Berlin. Mario Draghi ist ehemaliger Jesuitenschüler. Er gilt als klar, nüchtern, vernunftbetont. Doch außergewöhnliche Zeiten erfordern außergewöhnliche Maßnahmen. Der Präsident der Europäischen Zentralbank (EZB) weiß: In keinem anderen Euro-Land wird sein Kurs so kritisch gesehen wie in Deutschland

Berlin. Mario Draghi ist ehemaliger Jesuitenschüler. Er gilt als klar, nüchtern, vernunftbetont. Doch außergewöhnliche Zeiten erfordern außergewöhnliche Maßnahmen. Der Präsident der Europäischen Zentralbank (EZB) weiß: In keinem anderen Euro-Land wird sein Kurs so kritisch gesehen wie in Deutschland.Knapp drei Wochen nach der EZB-Entscheidung zum Ankauf von Staatsanleihen aus Krisenländern - unbegrenzt und unter Auflagen - hat Draghi eine beispiellose Charmeoffensive gestartet. Schließlich hat auch das Bundesverfassungsgericht noch nicht das letzte Wort gesprochen. Es gilt als nicht ausgeschlossen, dass Karlsruhe das Programm dem Europäischen Gerichtshof zur Prüfung vorlegt.

Gestern kam der oberste europäische Notenbanker zunächst ins Berliner Kanzleramt, um sich unter vier Augen mit Kanzlerin Angela Merkel zu besprechen. Danach stand ein Auftritt vor deutschen Industriemanagern auf dem Programm. Demnächst will der Italiener seine Euro-Strategie im Haushaltsausschuss des Bundestages darlegen, der Termin ist noch offen. Zuletzt hatte die EZB sogar die Bereitschaft signalisiert, die geheimen Protokolle ihrer Ratssitzungen zu veröffentlichen - Glasnost bei der Notenbank.

Draghis Selbstbewusstsein hat gute Gründe. Seit der Ankündigung der umstrittenen Anleihenkäufe hat der Druck der Finanzmärkte spürbar nachgelassen, die Risikoaufschläge für Anleihen der Krisenstaaten sind teils deutlich gesunken. Die Notenbank hat den Schuldenstaaten also zumindest eine Atempause verschafft, wenn auch weiterhin große Risiken bestehen. Das wird auch von den Kritikern der EZB zugestanden. Selbst die deutsche Industrie sieht Anzeichen der Besserung - auch dank des angekündigten EZB-Programms. Dennoch war Draghis Besuch beim Bundesverband der Deutschen Industrie (BdI) durchaus ein Gang in die Höhle des Löwen. Was die Industrie vom Kurs der EZB hält, hatte BdI-Präsident Hans-Peter Keitel am Vormittag deutlich gemacht, als er sich unmissverständlich hinter Bundesbank-Präsident Jens Weidmann stellt. Der hatte im EZB-Rat als einziger gegen das Ankaufprogramm gestimmt. Wirtschaftsminister Philipp Rösler warnte vor Inflationsgefahren. Und man werde die EZB daran messen, ob sie die Auflagen für die Anleihenkäufe auch einhalte. Rauschender Beifall war ihm gewiss.

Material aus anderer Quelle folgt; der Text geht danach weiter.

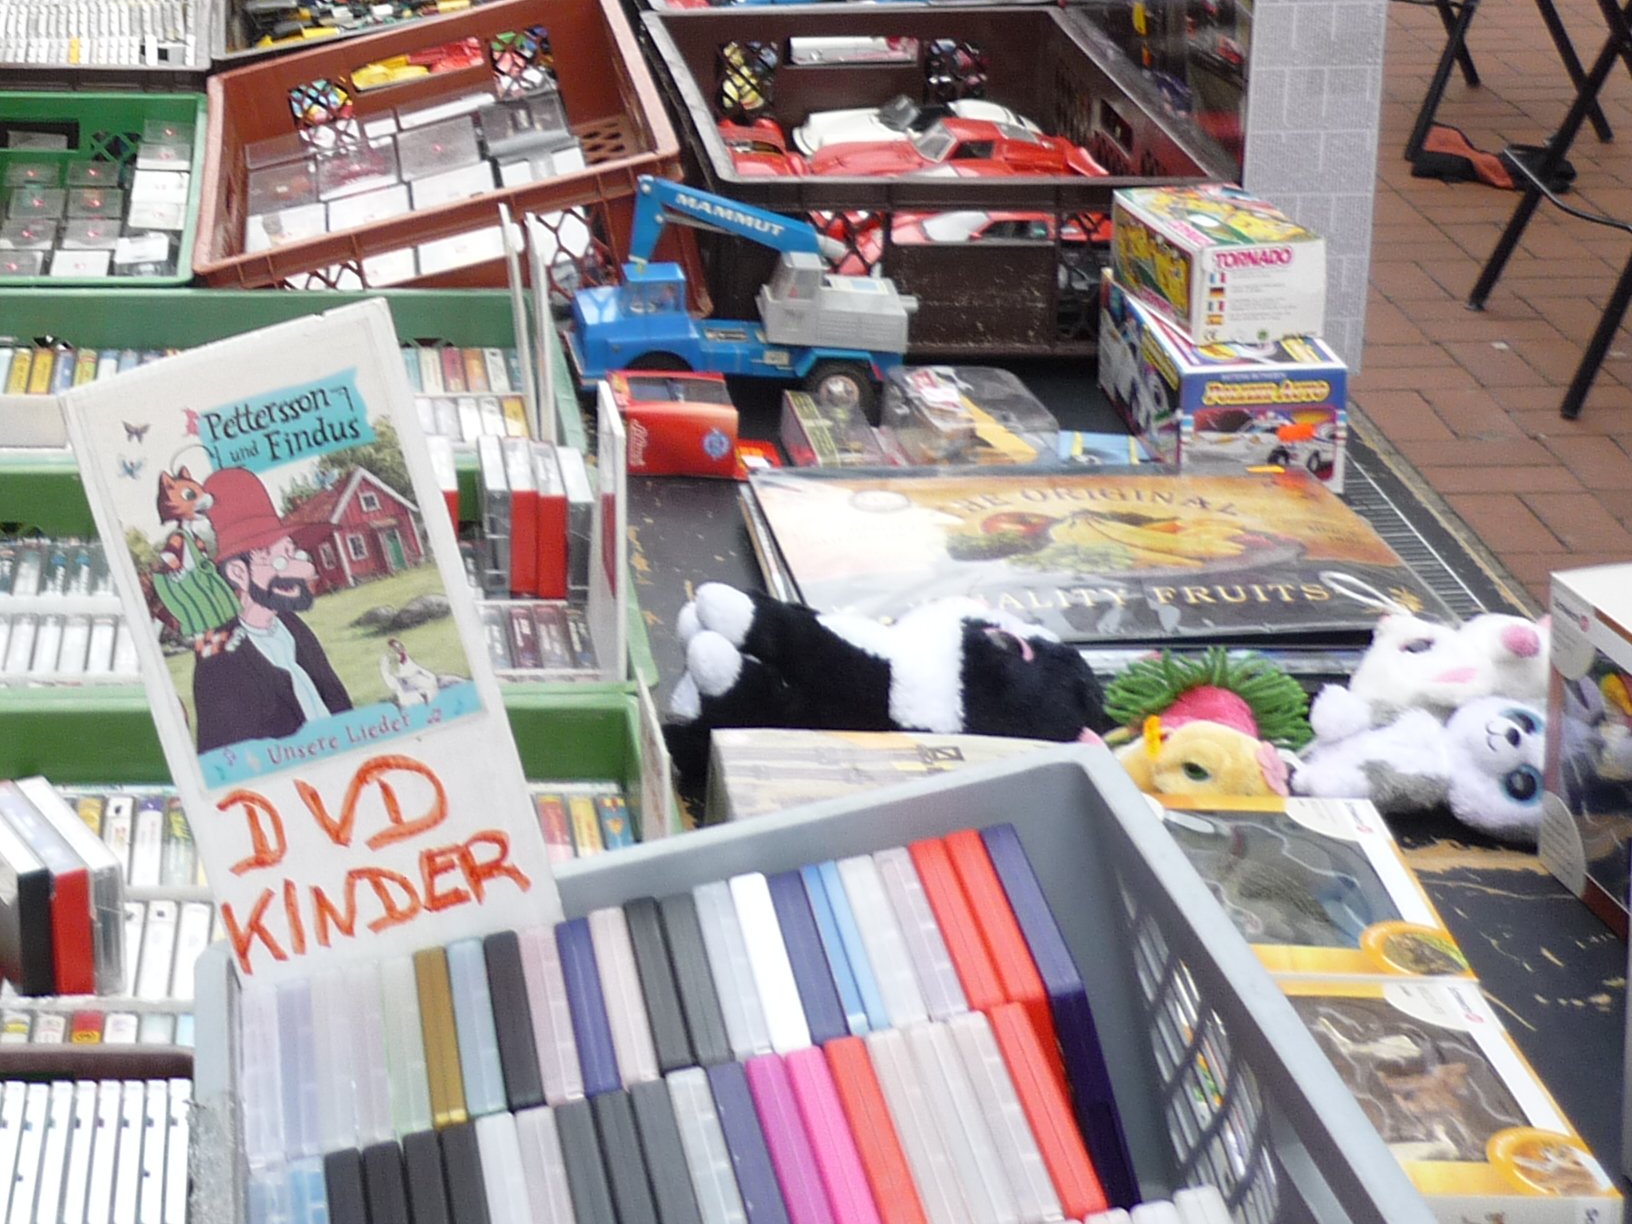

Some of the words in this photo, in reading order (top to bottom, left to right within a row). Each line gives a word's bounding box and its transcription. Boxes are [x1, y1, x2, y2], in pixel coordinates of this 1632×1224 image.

[675, 193, 785, 237] MAMMUT
[1215, 247, 1292, 268] TORNADO
[204, 387, 331, 441] Pettersson
[230, 439, 259, 463] und
[264, 416, 360, 462] Findus
[1019, 487, 1240, 516] ORIGINAL
[986, 585, 1127, 612] ALITY
[1152, 582, 1332, 605] FRUITS
[267, 733, 339, 765] Unsere
[345, 713, 411, 744] Lieder
[216, 753, 449, 877] DVD
[220, 828, 532, 976] KINDER

Es wird Draghi aber nicht entgangen sein, dass sich auch die Stimmung in der Bundesregierung gewandelt hat. Merkel hat zuletzt immer wieder deutlich gemacht, dass es aus ihrer Sicht durchaus gute Gründe für den Kurs der Notenbank gibt und dies auch vom EZB-Mandat gedeckt ist - auch wenn sie darauf beharrt, dass die Geldpolitik der Notenbank die Fiskalpolitik der Regierungen nicht ersetzen könne. Zwischen Merkel und Draghi besteht eine seltsame Machtbalance. Viele halten die Kanzlerin für die mächtigste Frau der Welt, die EZB aber für die heimliche Regierung Europas.

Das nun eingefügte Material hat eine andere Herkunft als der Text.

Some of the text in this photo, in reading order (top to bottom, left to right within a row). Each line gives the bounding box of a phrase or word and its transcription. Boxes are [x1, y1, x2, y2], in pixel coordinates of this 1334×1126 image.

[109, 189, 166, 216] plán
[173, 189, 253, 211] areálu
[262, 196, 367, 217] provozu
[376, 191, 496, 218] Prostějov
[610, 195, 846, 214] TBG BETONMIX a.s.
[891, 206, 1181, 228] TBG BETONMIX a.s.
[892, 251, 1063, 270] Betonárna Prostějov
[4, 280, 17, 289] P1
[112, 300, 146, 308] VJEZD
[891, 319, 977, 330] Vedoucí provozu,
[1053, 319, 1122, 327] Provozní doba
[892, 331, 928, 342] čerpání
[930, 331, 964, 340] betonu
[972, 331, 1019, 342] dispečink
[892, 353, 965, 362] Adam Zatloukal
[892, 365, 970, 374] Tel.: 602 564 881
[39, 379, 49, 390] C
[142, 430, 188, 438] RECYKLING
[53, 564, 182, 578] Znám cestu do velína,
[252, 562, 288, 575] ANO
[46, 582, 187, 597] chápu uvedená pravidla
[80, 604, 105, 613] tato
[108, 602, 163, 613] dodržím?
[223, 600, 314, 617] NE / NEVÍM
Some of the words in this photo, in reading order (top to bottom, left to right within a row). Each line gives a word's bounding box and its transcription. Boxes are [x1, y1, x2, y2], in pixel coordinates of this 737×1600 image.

Insofern war Draghis Besuch im Kanzleramt durchaus ein Signal - auch wenn es nicht die erste Visite des EZB-Chefs in der Regierungszentrale war. Ob Draghis Transparenz-Offensive aber überall in Deutschland auf Beifall stößt, ist fraglich. Finanzminister Wolfgang Schäuble hatte jüngst kritisiert, dass Beratungen in den EZB-Gremien in Teilen veröffentlicht werden.